And the man knew Eve his wife; and she conceived, and bare Cain, and said, I have gotten a man with [the help of] Jehovah.
2 En zij voer voort te baren zijn broeder Habel; en Habel werd een schaapherder, en Kain werd een landbouwer.
And again she bare his brother Abel. And Abel was a keeper of sheep, but Cain was a tiller of the ground.
3 En het geschiedde ten einde van enige dagen, dat Kain van de vrucht des lands den HEERE offer bracht.

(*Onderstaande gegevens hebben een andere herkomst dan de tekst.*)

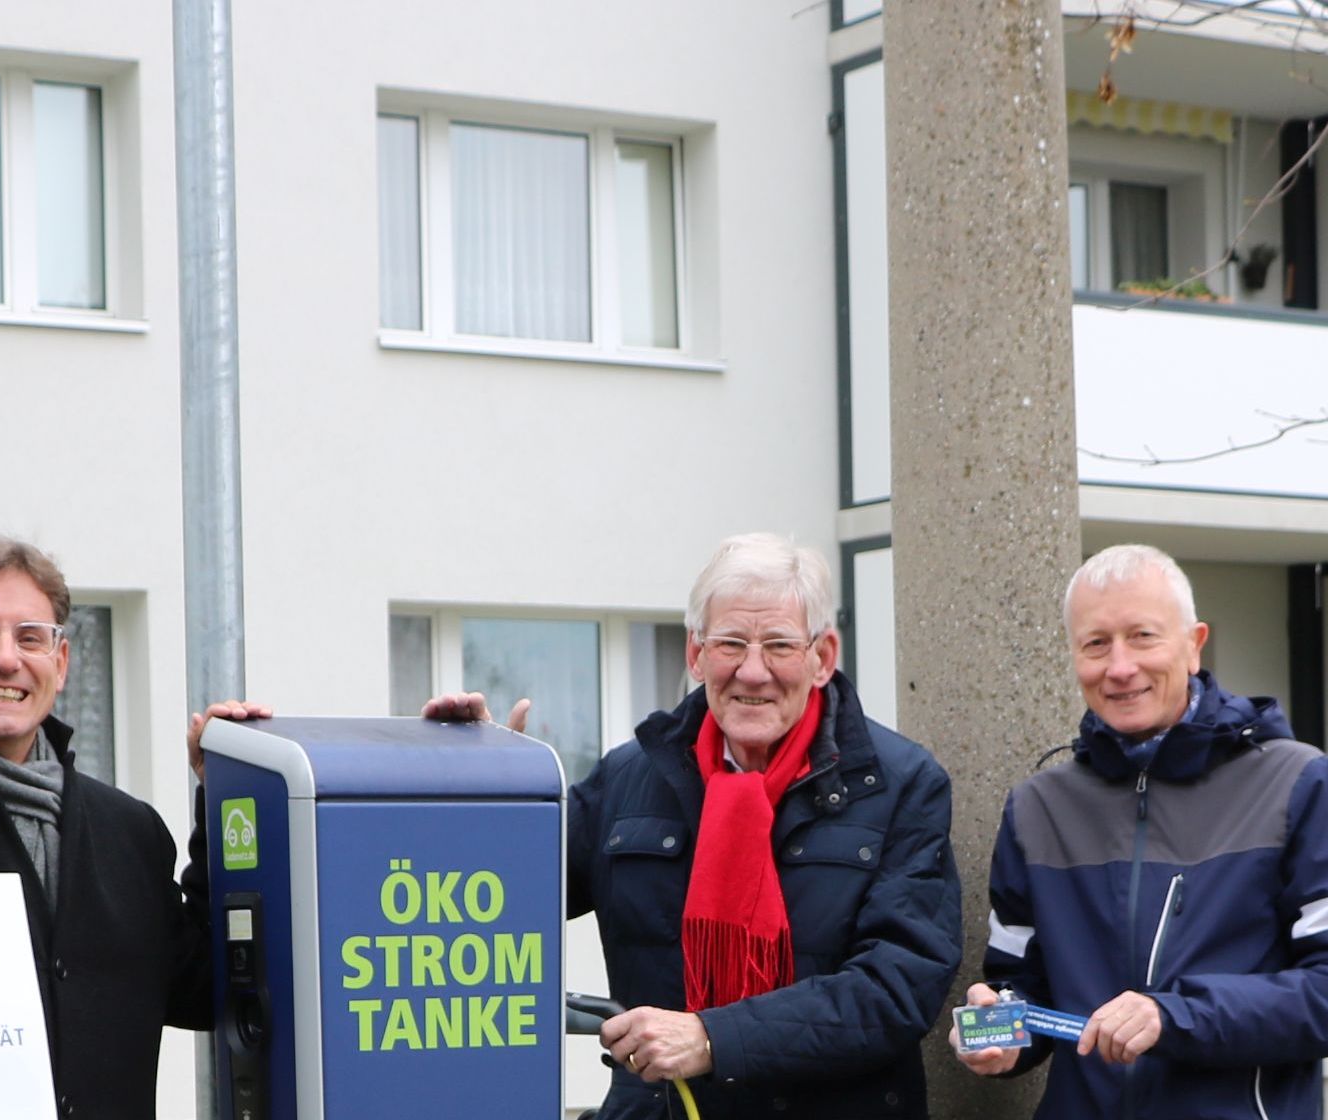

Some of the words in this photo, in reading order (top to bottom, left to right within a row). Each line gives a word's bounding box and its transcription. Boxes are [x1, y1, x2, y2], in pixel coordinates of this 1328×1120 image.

[380, 858, 504, 924] ÖKO
[341, 932, 543, 989] STROM
[347, 994, 537, 1051] TANKE
[965, 1033, 1013, 1045] TANK-CARD
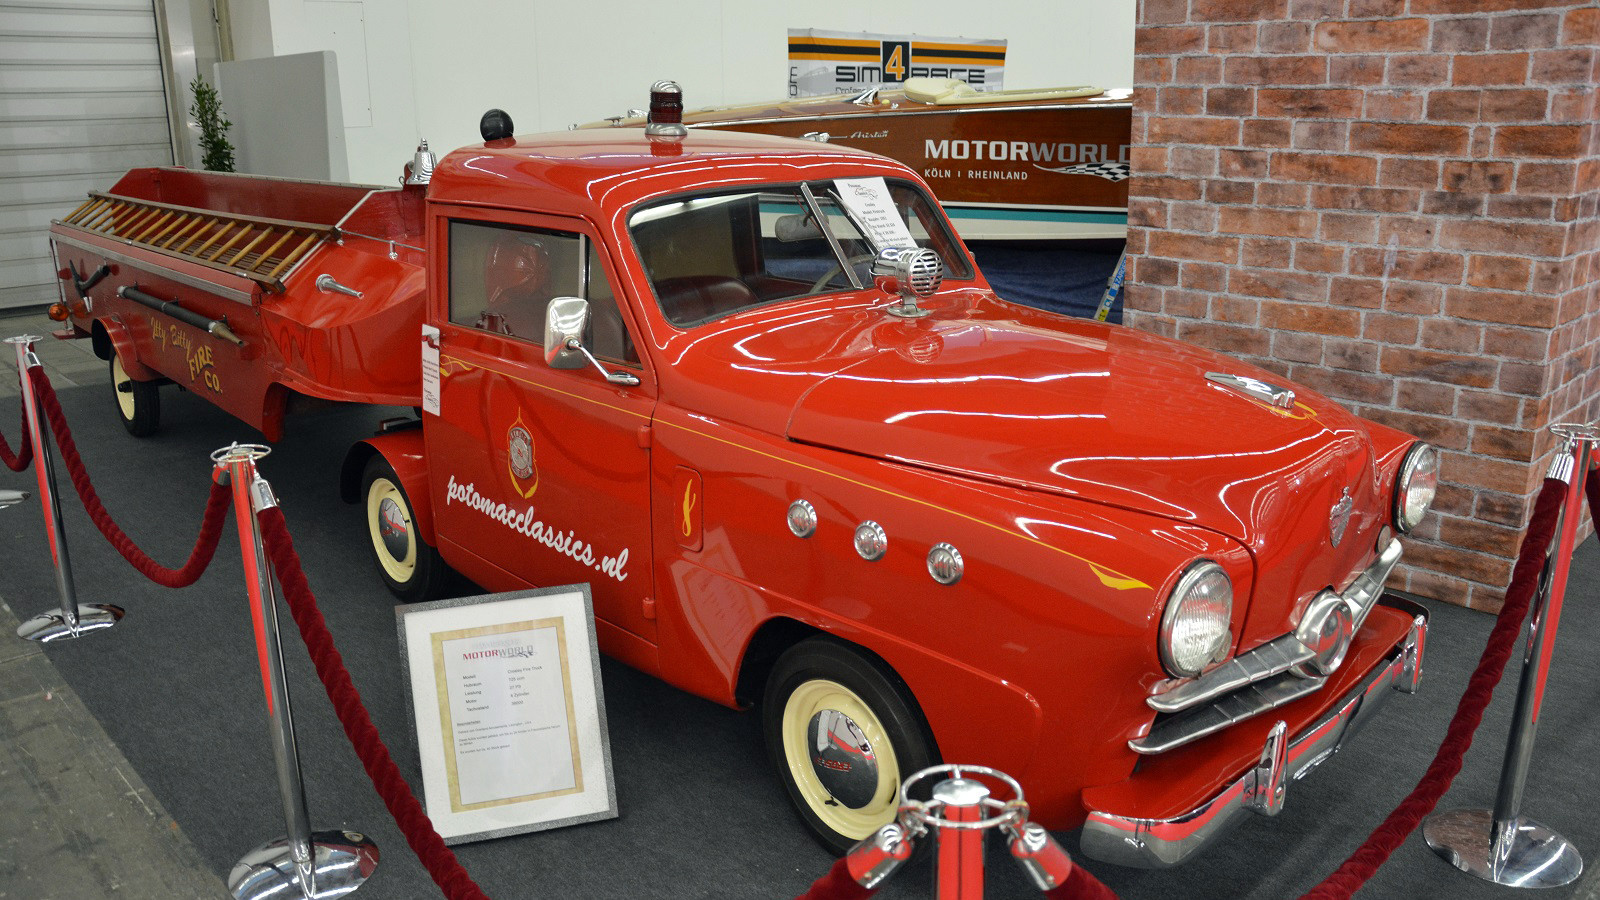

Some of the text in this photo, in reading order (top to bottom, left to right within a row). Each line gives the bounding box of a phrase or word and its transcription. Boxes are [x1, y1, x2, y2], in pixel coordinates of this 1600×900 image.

[924, 167, 951, 178] KÖLN
[968, 170, 1028, 180] RHEINLAND
[189, 345, 214, 381] FIRE
[205, 370, 223, 394] CO.
[447, 475, 629, 581] potomacclassics.nl
[463, 645, 534, 660] MOTORWORLD
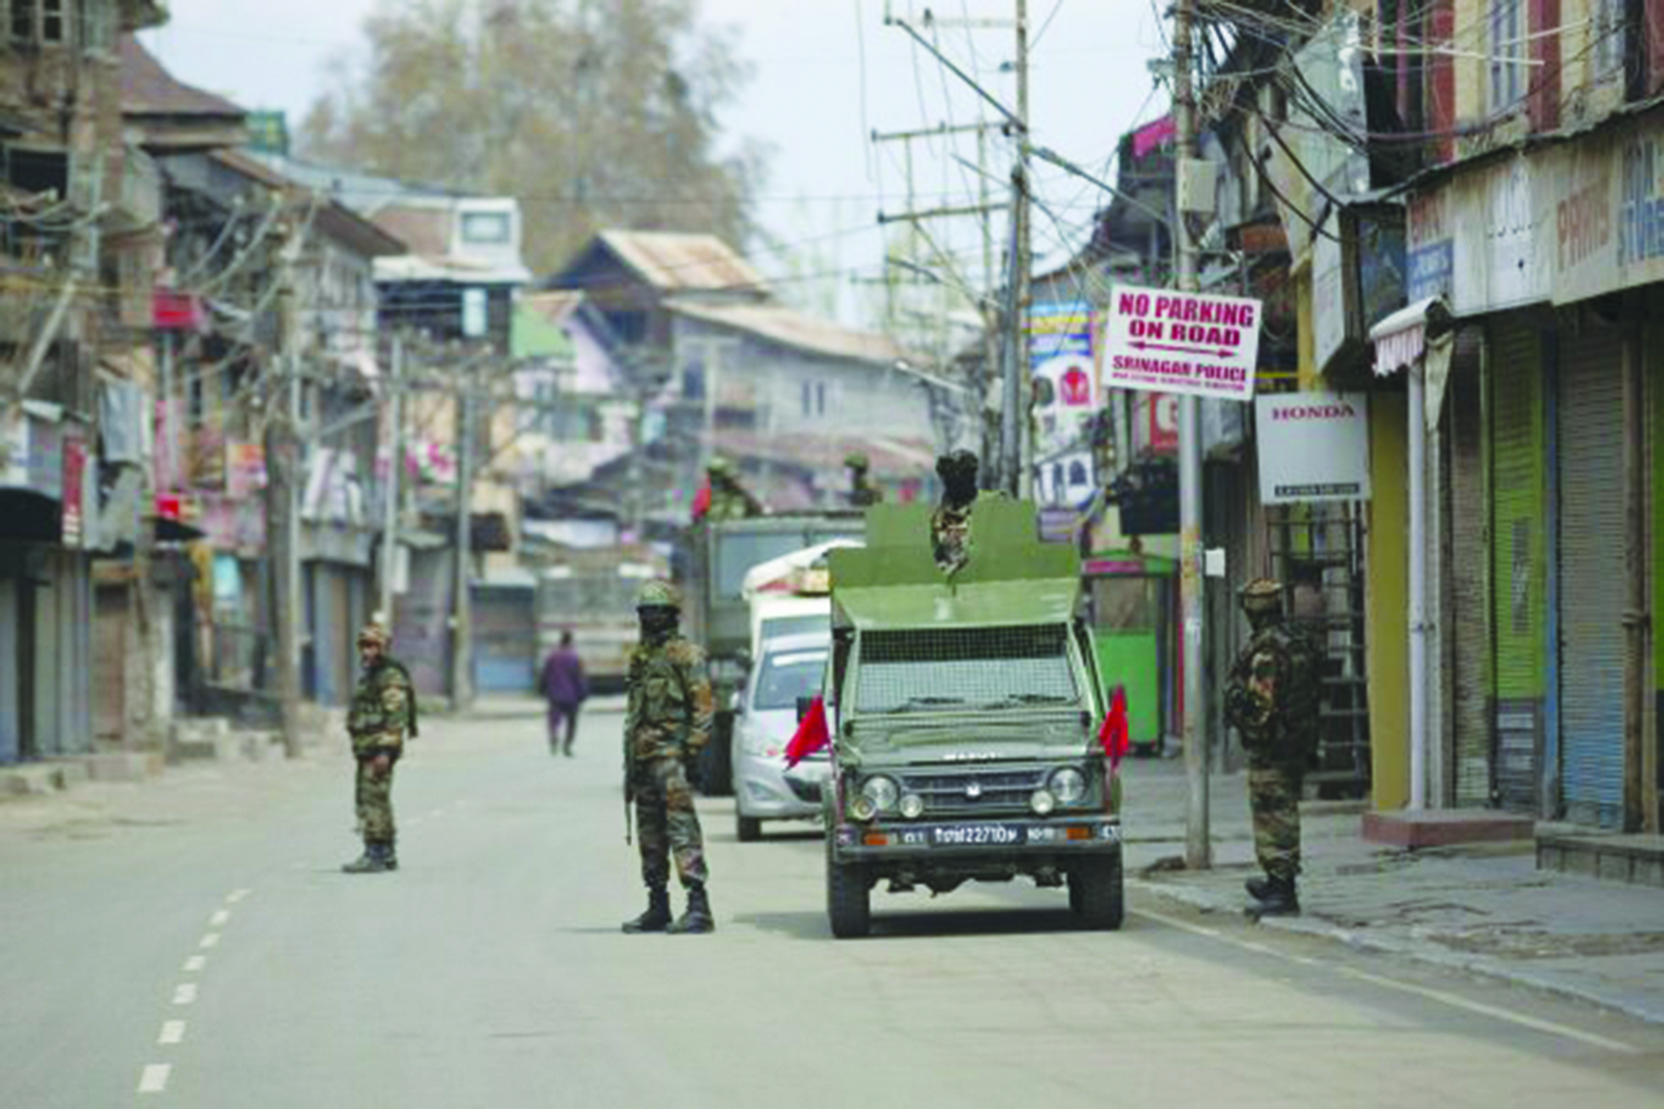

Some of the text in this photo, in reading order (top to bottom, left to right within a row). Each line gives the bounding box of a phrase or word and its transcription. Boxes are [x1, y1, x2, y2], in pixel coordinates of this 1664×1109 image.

[1119, 293, 1254, 328] NO PARKING
[1129, 319, 1241, 347] ON ROAD
[1112, 354, 1192, 376] SRINAGAR
[1272, 403, 1355, 420] HONDA

And in process of time it came to pass, that Cain brought of the fruit of the ground an offering unto Jehovah.
4 En Habel bracht ook van de eerstgeborenen zijner schapen, en van hun vet. En de HEERE zag Habel en zijn offer aan;
And Abel, he also brought of the firstlings of his flock and of the fat thereof. And Jehovah had respect unto Abel and to his offering:
5 Maar Kain en zijn offer zag Hij niet aan. Toen ontstak Kain zeer, en zijn aangezicht verviel.
but unto Cain and to his offering he had not respect. And Cain was very wroth, and his countenance fell.
6 En de HEERE zeide tot Kain: Waarom zijt gij ontstoken, en waarom is uw aangezicht vervallen?
And Jehovah said unto Cain, Why art thou wroth? and why is thy countenance fallen?
7 Is er niet, indien gij weldoet, verhoging? en zo gij niet weldoet, de zonde ligt aan de deur. Zijn begeerte is toch tot u, en gij zult over hem heersen.
If thou doest well, shall it not be lifted up? and if thou doest not well, sin coucheth at the door; and unto thee shall be its desire; but do thou rule over it.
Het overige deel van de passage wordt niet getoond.